Universities started developing vocation specific language courses in the decade after apartheid ended. The University of Cape Town was among the pioneers, introducing isiXhosa for medical students in 2004. In doing so, it recognised the need to equip students linguistically to work with patients who spoke this language, which is the country’s second most common home language.

Today, the structure of vocation-specific language courses differs from university to university. They can be offered at both mother tongue and second language levels. They can be compulsory and credit bearing or offered as additional courses. They can be integrated into the mainstream curricula or they can be studied separately. All universities have language policies, which allow for these permutations.

For instance, at Rhodes University IsiXhosa for Journalism is compulsory. It is part of the journalism course and must be passed at the relevant level: mother tongue, if a student’s home language is isiXhosa, and second language level if not. At the same institution, isiXhosa for Pharmacy is an elective and is integrated into the fourth year Pharmacy course. On average about 300 students a year complete these vocation specific language courses.

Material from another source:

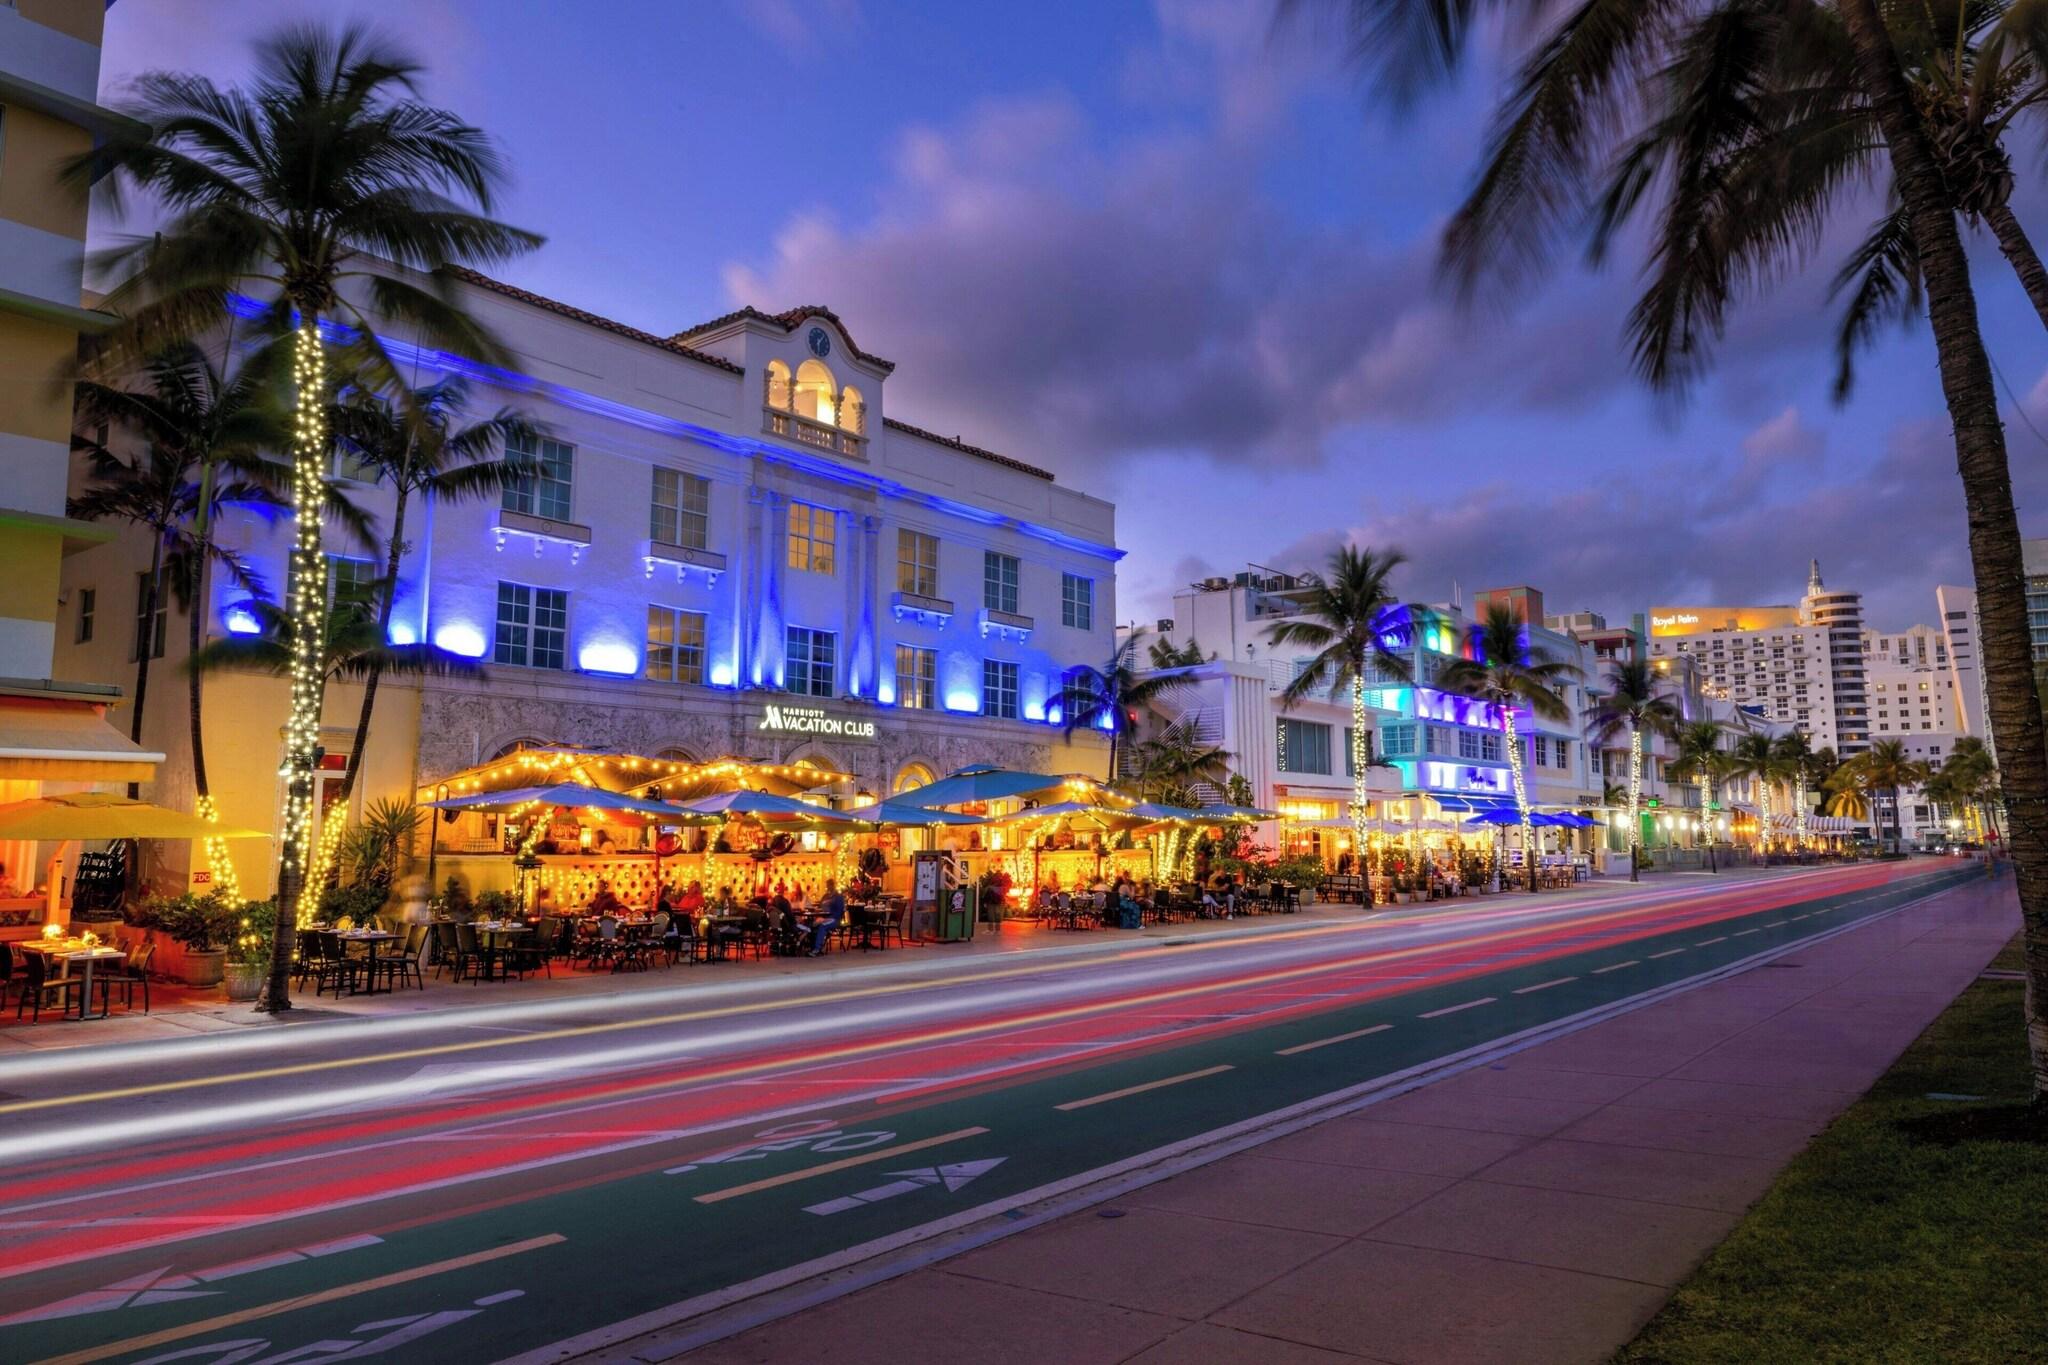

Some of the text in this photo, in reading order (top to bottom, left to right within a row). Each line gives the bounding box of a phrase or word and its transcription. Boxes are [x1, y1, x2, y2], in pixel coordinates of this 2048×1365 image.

At the University of Cape Town, an IsiXhosa and Afrikaans course is integrated into the medical degree and must be passed. At the University of the Western Cape, there are isiXhosa courses for dentistry students.

The University of Limpopo has a bilingual Humanities degree. Half of the subjects are studied in Sesotho sa Leboa and the other half in English. Other institutions, among them North West University and the University of South Africa, are experimenting with Human Language Technology to create innovative language learning models. Human Language Technology is the interface of computer programming and language learning.

And the University of KwaZulu-Natal has taken a bold approach: students must learn isiZulu to graduate, no matter their degree.

All of these initiatives provide a valuable way to introduce more multilingualism to professional environments.

Criticism and challenges

The criticism that has been levelled at this approach suggests that it takes away time from mainstream, discipline-related teaching. It’s also been suggested that, since the courses tend to be fairly short, they are ineffective.

But if such courses are properly integrated into curricula and are carefully planned and taught with care by qualified facilitators who understand bi- and multilingual models of language teaching then this need not be the case.

And the alternative is to continue producing students who are detached from their own heritage, or detached from society generally because they remain in a an unrealistic monolingual vacuum.

The work that South African universities are doing through their vocation-specific language courses is not perfect. But it represents the beginnings of transforming higher education at a fundamental level – a commitment to moving away from English as the only and “ideal” language for learning and engagement. There may be challenges, but these can be addressed as the courses develop.